Health professionals and leaders have a unique role to play in advocating for climate solutions. The health community is uniquely trusted to talk about the health impacts of climate change, and the health benefits of climate solutions. – Lin Oke OAM

“And then other researchers were saying, ‘Well, that’s not really what it’s about. When people are explicitly expressing some sort of climate anxiety – say they live in a city [and are less likely to see climate disasters first-hand than those in rural/regional areas], they’re not necessarily expressing anxiety about the direct impact on them. They’re expressing a broader anxiety about what the impact is going to be on the wider society, on the natural world, on biodiversity. They might be worried about vulnerable people.”

That’s not to say that individual interventions won’t help. In many instances, they could.

Oke refers to research which suggests the use of positive coping strategies such as “reducing their own footprint, becoming a voice for change, supporting their peers, and keeping away from maladaptive coping strategies, like avoidance or ‘doomisim.'”

“Health professionals and leaders have a unique role to play in advocating for climate solutions. The health community is uniquely trusted to talk about the health impacts of climate change, and the health benefits of climate solutions.
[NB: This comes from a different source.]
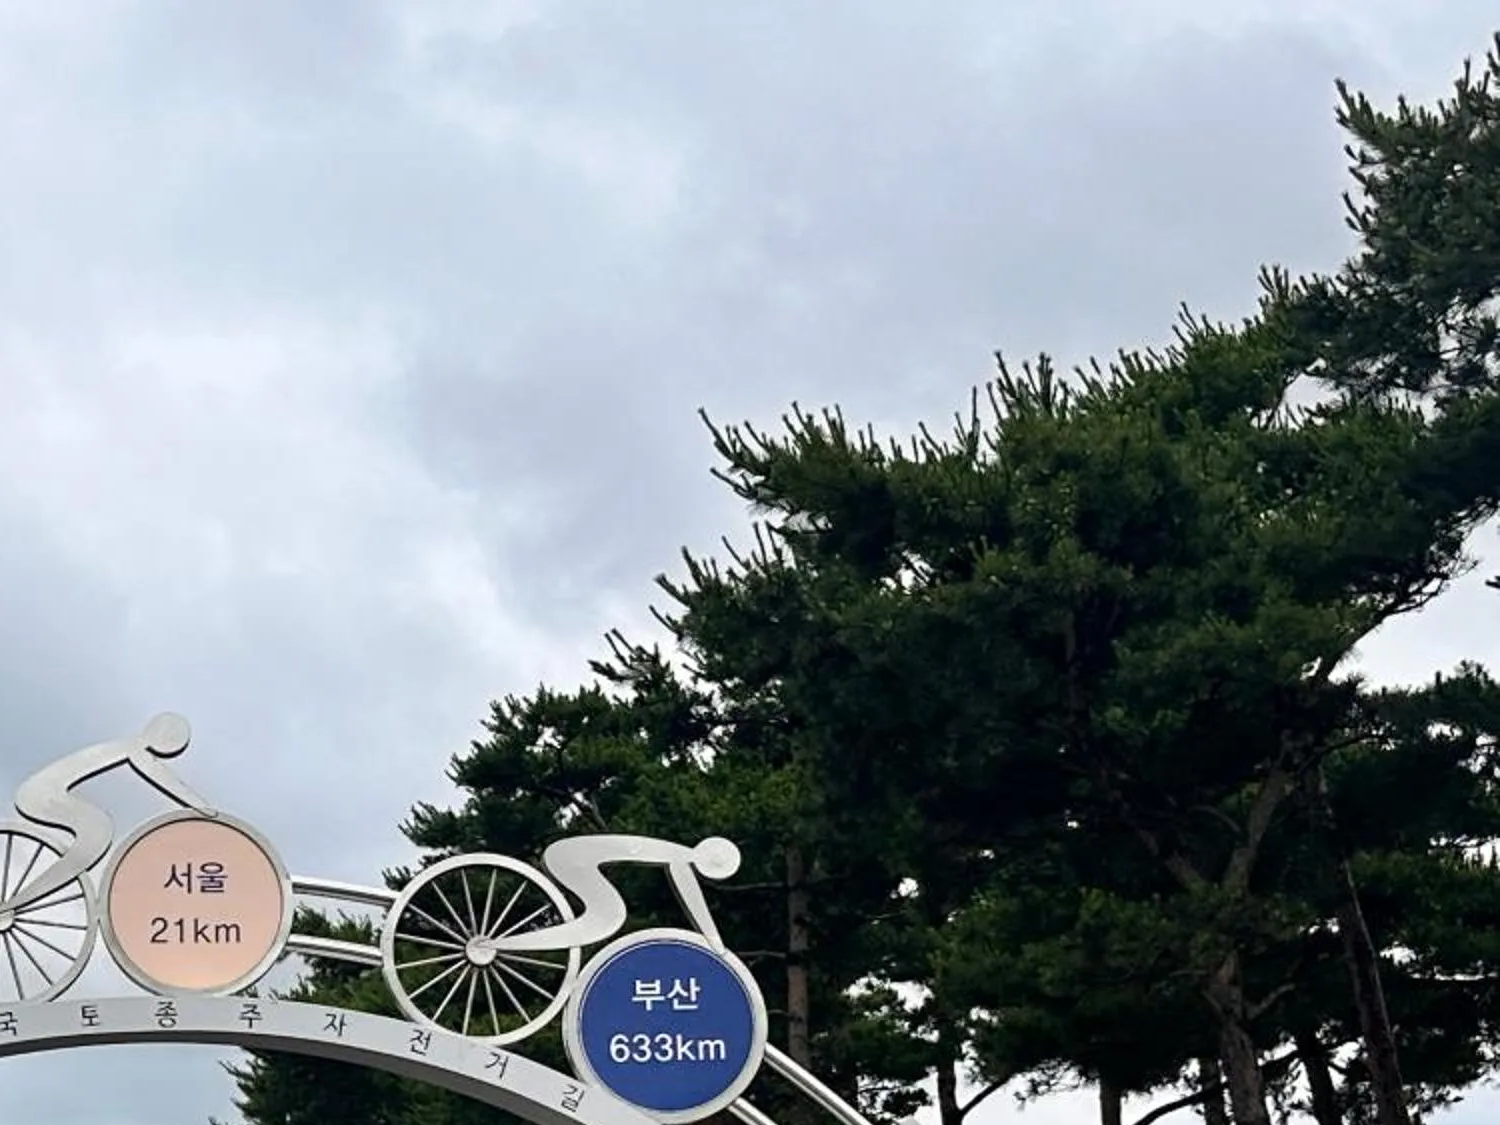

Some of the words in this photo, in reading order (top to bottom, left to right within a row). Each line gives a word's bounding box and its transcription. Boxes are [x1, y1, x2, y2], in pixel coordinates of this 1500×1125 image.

[163, 861, 228, 895] 서울
[150, 917, 241, 943] 21km
[631, 977, 701, 1011] 부산
[609, 1033, 726, 1063] 633km
If our communities understand that climate solutions mean cleaner air and water, healthier food, more peaceful societies and better health outcomes, then we’ve done our job!”

What needs to be done at a broader level

As part of its pre-budget submission, which outlines key pieces of advocacy work for the year ahead, the APS is calling for government investment to address these critical issues.

“In young people in particular, government inaction is a key driver of their climate-related anxieties, so the APS is working closely with the government to advise where the most impactful investments of money, time and energy can be made to have the most positive impact,” says Dr Davis-McCabe.